Her feet carrying her through the sloping wheat fields entered a valley, and Marie suddenly stopped short — her breath all but ceasing as she stood on the scattered stones of where once had stood a church.
God, there was nothing...nothing left but stone rubble! Just stretches of field of growing wheat shot through with blood-red poppies...and a flock of sheep herded by a shepherd and his dog, grazing on the main street of what had once been a village. And a posted sign with the legend: “Here once stood the village of Lidice...
“Lidice!...Muj Boze!” escaped her lips.
She had to take good hold of herself or she would have fallen, as she neared a be-flowered, roped-off patch of ground in the middle of a cornfield, with a raised cross which read: “Here lie the bodies of the inhabitants of Lidice, murdered by the German invaders on June 10, 1942.” The shrine was flanked by Czech and Russian flags. The presence of Russian Army tanks, some distance away, conveyed the story of who had set up the shrine. [Erected by the Russian 5th Army Division.]
Her knees bent under her and she slid to the ground, her hands gently touching, stroking it — as if it were a living face. Somewhat later her lips began to move in silent prayer. And then suddenly she was seeing not the stubble, the desolation, but the village as she knew it.
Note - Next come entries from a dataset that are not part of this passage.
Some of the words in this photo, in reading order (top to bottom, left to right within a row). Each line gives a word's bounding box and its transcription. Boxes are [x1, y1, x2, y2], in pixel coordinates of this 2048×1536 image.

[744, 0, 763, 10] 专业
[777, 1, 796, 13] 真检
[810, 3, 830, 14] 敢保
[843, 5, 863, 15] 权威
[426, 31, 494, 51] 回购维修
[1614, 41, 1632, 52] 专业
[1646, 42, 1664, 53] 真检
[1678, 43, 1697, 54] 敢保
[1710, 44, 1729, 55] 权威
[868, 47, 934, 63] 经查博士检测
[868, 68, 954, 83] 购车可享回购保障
She was hearing voices — especially one that had always set her heart to music.
“Some day we will have a field like that — and we will have children — a son and a daughter — with a soft voice like yours. We will have other children. But why want it — when I am rich in having you.”
It was her Josef speaking. Her tall handsome Josef.
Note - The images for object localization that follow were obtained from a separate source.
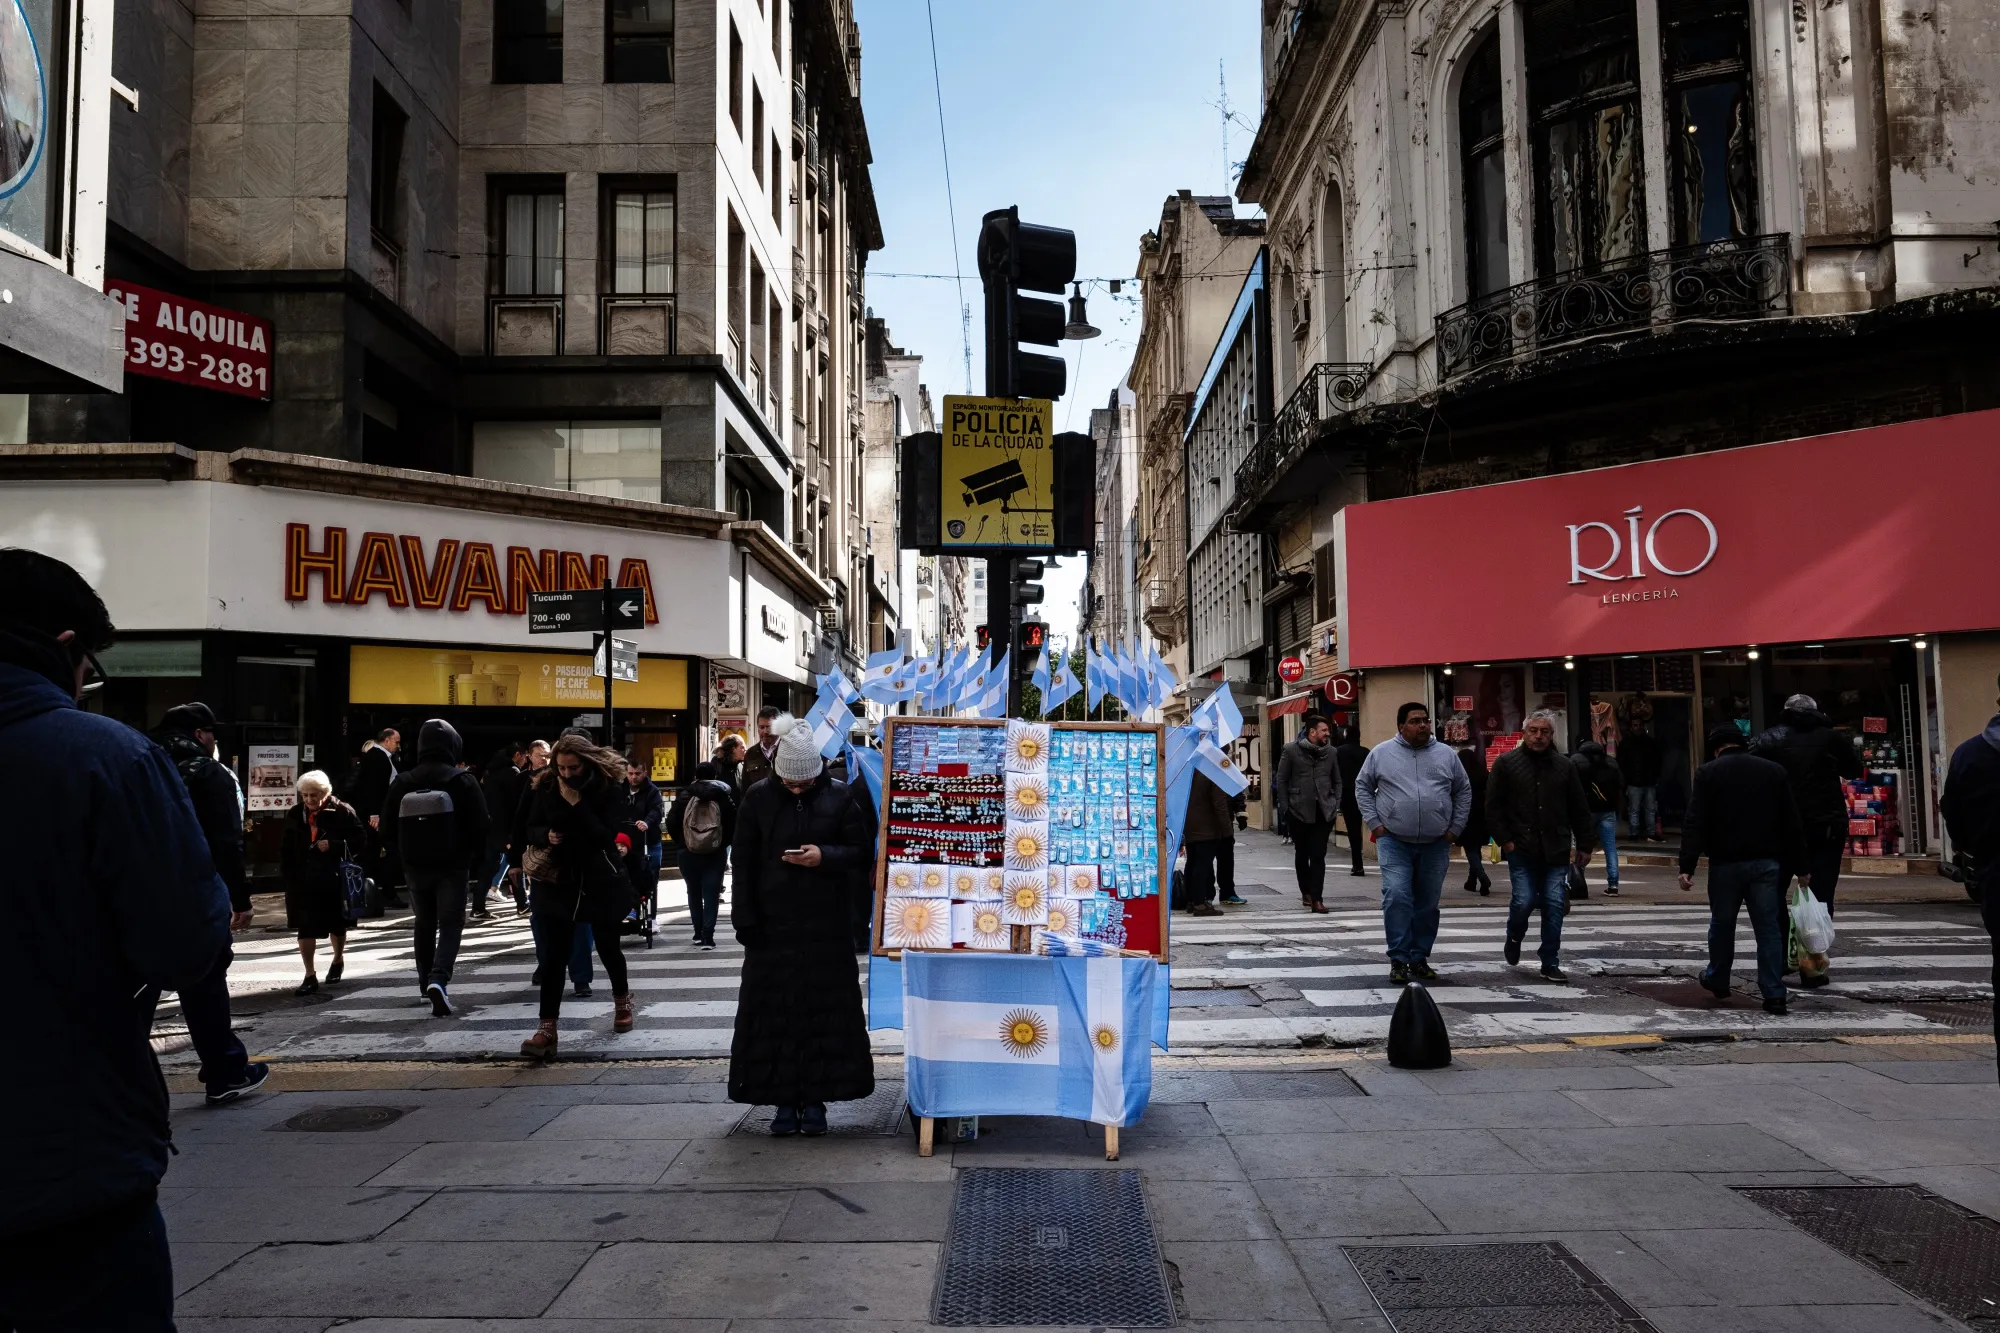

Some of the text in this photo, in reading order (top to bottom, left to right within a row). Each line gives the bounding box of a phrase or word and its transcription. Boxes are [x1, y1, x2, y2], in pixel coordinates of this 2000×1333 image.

[156, 301, 267, 353] ALQUILA
[124, 337, 267, 391] 393-2881
[979, 404, 1020, 412] MONITOREADO
[952, 411, 1043, 435] POLICIA
[952, 434, 1043, 449] DE LA CIUDAD
[1565, 505, 1719, 585] RÍO
[285, 522, 659, 624] HAVANNA
[532, 593, 573, 602] Tucumán
[1603, 587, 1679, 604] LENCERÍA
[532, 614, 548, 622] 700
[555, 613, 571, 621] 600
[555, 665, 594, 677] PASEADO
[555, 678, 567, 689] DE
[568, 676, 588, 689] CAFÉ
[1331, 679, 1352, 701] R
[555, 689, 605, 700] HAVANNA
[1245, 774, 1261, 786] FF
They were walking hand in hand down the fragrant walnut lane from Bustehrad. The road with its stately walnut trees which all but emptied itself into the village square, and then continued down the long, narrow Wilson main street, named after an American President who had dreamed a dream right out of Czech hearts — a dream in which all men, all nations, large or small, should be free. Free to live in human dignity.
Freedom was such a beautiful word in the Czech language. Generations of Czechs had died for it down the ages. They could not live without it, without the hope of it. It meant more than life and bread itself. That is what the Germans, used to regimentation all their lives, could not understand. “The German,” her lips moved slowly, “he can live without a soul, but not the Czech. Freedom and education are a fetish with us Czechs.”
She could see Schoolmaster Ottomansky telling his pupils to get knowledge, to try to supplement the village school with a course at the Science School at Kladno, or attend the University at Prague if they could. His own daughter, a brilliant student, was even then attending the Karlova University in Prague. “Every person’s value,” he would tell them, “is equal to the amount he knows. Knowledge is power.” And he would stress upon his pupils that they could adopt no better philosophy for life than Thomas Garrigue Masaryk’s “Message to Youth” which he loved to quote to them; his rich voice inflaming them with its words:
“Be eager for knowledge, but not impatient. Education is a slow, self-directed process. Listen first to the opinion of the more experienced, and then, formulate your own judgment. Before you reject the old, be certain you have a substitute which is better. Above all else, live simply, wisely; do not waste your powers. Life is a gift to be used with discretion.”
Life is a gift to be used with discretion...” he would repeat for their benefit. And he would invariably conclude with: “We should consider ourselves lucky, children, to have had such a president as Masaryk. If any of you happen to be seeking a national hero, whose example could serve as an inspiration for you, you do not have to go far away. You will find one of the noblest examples, right here at home.”
Schoolmaster and school worked together in a very friendly relationship. He thought it more important to hold the love and confidence of the children than to instill fear and to enforce discipline. He tried to achieve justice rather than to practice severity — and his reward was in the good results his pupils attained, and which proved that his work had not been in vain.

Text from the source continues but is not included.